All these considerations are greatly strengthened by the fact that the applicant in this case pleaded guilty. He did so quite freely and willingly, and having been advised by solicitor and counsel of his own choosing. By doing so, he acknowledged that he was guilty of possession of explosives and a firearm as alleged against him. The seriousness of these charges needs no additional emphasis. To state the obvious, but sometimes the obvious requires to be stated, a plea of guilty is “a plea by the accused that he committed the offence”. See Murdochs Dictionary of Irish Law 5th Edition, Tottel Publishing 2009.

To this, applicant rejoins that he entered the plea of guilty in the belief that s.29 had been validly enacted and was good and operative law.

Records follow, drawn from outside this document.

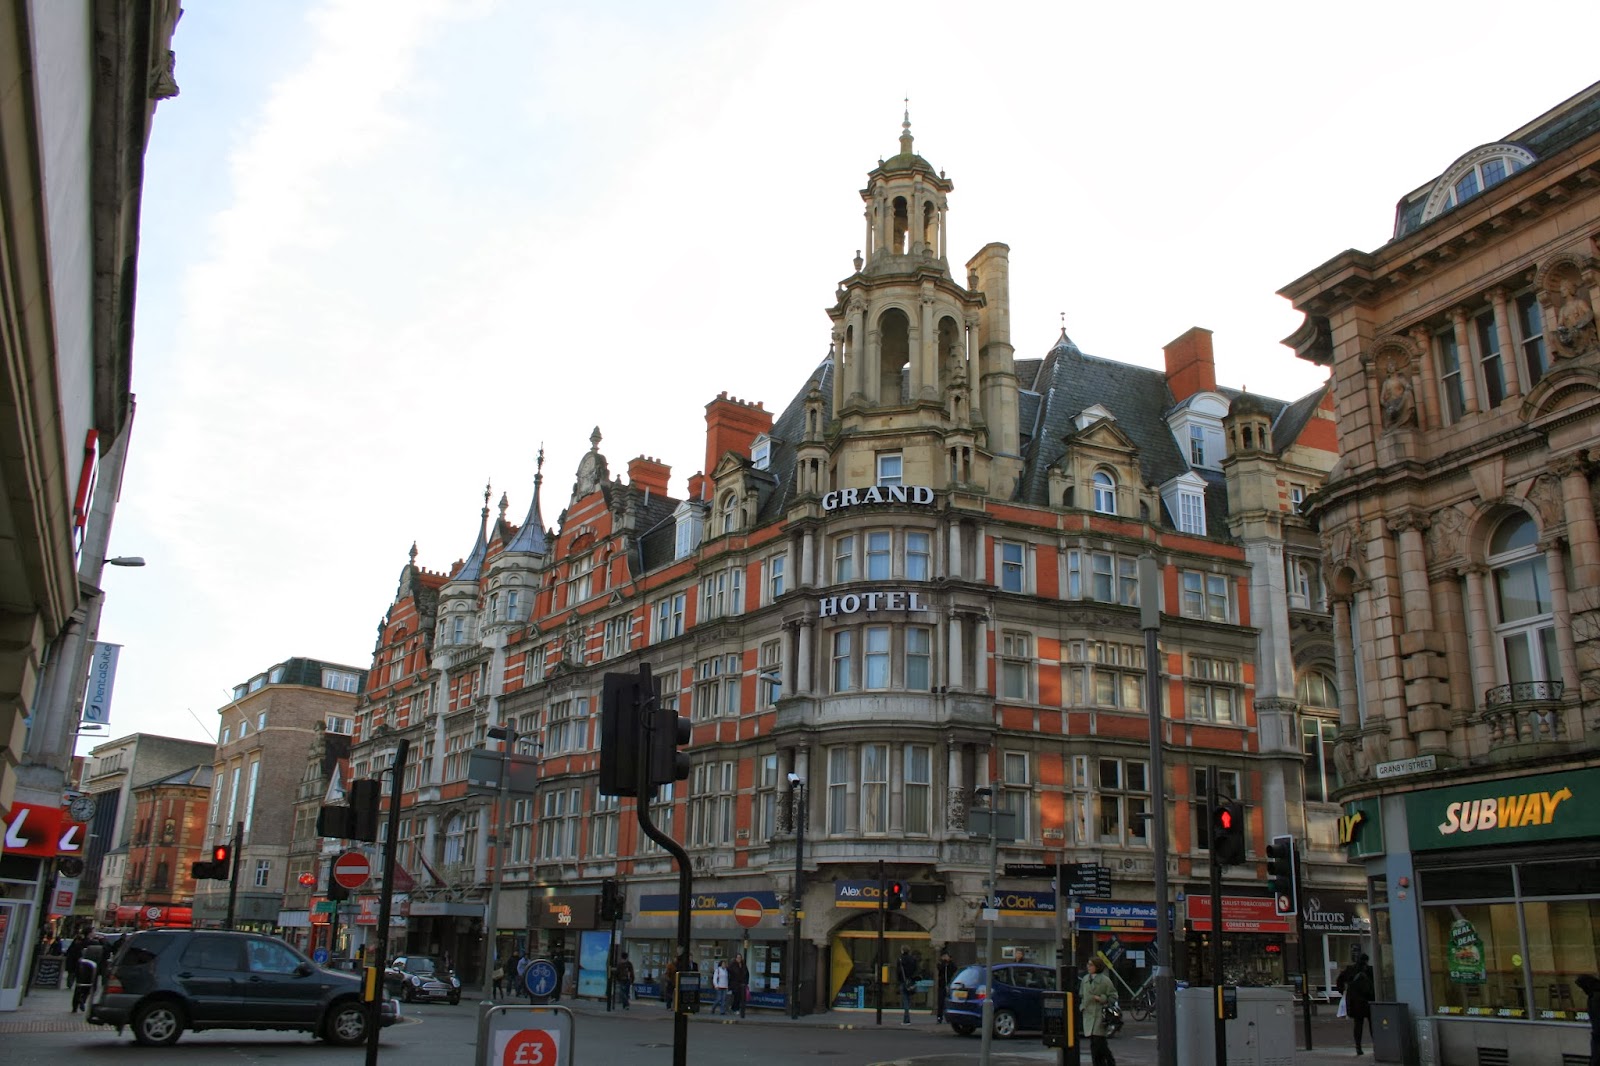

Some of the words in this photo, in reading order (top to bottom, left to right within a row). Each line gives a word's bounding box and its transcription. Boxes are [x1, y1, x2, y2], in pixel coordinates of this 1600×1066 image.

[822, 485, 934, 511] GRAND
[819, 591, 927, 617] HOTEL
[93, 644, 112, 703] DentalSuite
[1379, 763, 1405, 775] GRANBY
[1408, 759, 1432, 770] STREET
[1438, 787, 1573, 835] SUBWAY
[840, 886, 861, 897] Alex
[863, 886, 888, 897] Clak
[1006, 895, 1036, 908] Clark
[1085, 906, 1108, 914] Konica
[1110, 906, 1131, 916] Digital
[1132, 907, 1149, 915] Photo
[1303, 907, 1345, 923] Mirrors
[558, 912, 572, 926] Shop
[1452, 925, 1471, 937] REAL
[1457, 934, 1477, 946] DEAL
[1438, 1006, 1463, 1014] SUBWAY
[1467, 1006, 1493, 1015] SUBWAY
[1497, 1008, 1525, 1017] SUBWAY
[513, 1042, 544, 1065] £3

He was entitled to that view, he says, because there is a presumption of constitutionality, and because the constitutionality of the measure had, at the time of his plea, been upheld by the High Court.

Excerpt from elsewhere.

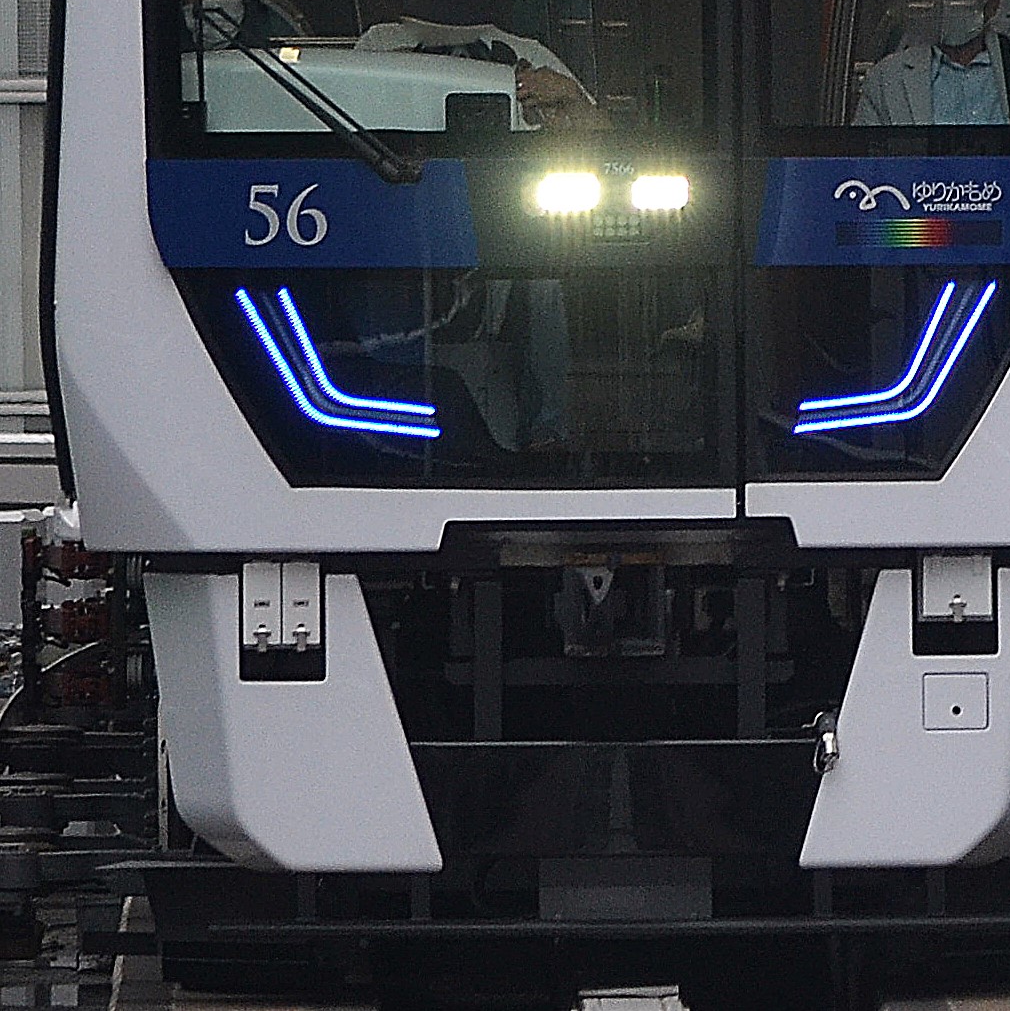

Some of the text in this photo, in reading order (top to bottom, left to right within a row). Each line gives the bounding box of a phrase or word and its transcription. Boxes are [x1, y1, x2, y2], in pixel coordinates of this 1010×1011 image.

[912, 180, 1002, 203] ゆりかもめ
[245, 183, 328, 246] 56
[923, 202, 993, 212] YURIKAMOME

In my view, these considerations in no way deprive the fact that he pleaded guilty of the force I have attributed to it above. Section 29 related only to the mode of search which revealed the evidence of his guilt. When that guilt was admitted, it relieved the prosecution of the necessity to produce that evidence.

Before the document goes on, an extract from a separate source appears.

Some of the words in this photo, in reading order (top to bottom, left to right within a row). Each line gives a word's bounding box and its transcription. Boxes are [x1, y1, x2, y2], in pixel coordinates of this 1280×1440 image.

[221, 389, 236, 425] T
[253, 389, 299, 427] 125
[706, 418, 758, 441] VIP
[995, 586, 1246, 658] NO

Mr. Damache, the successful plaintiff in the constitutional challenge to s.29, elected to challenge the Section. This applicant did not do so. There may be many reasons for this consistent with the applicant having been confidently advised. For example, the view may have been taken that the point, even if a good one, would avail the applicant only in relation to the search of his dwellinghouse, where a firearm was discovered, and not in relation to the search of the premises which were not his dwellinghouse, where the explosives which attracted the longer sentence were found. In that event, the applicant would certainly have received a longer sentence on conviction than that which he in fact received on a plea of guilty. In this respect, the case is indistinguishable from that of Burns v. Judge Early [2003] 2 ILRM 321. In that case, the plaintiff, who had pleaded guilty, sought to invalidate his trial on the grounds of an unconstitutionality discovered in a later case. It was held that the acquiescence constituted by his plea debarred him from relief.

Conclusion.
Justice does not require that the time for appeal be extended in order to permit the appellant to appeal to convictions for offences of which he confesses himself guilty. The considerations set out in the cases cited, and in particular the well known passage set out from the judgment of Henchy J. in Murphy v. Attorney General, provide ample basis for declining to reopen this case by extending the time for appeal, or otherwise.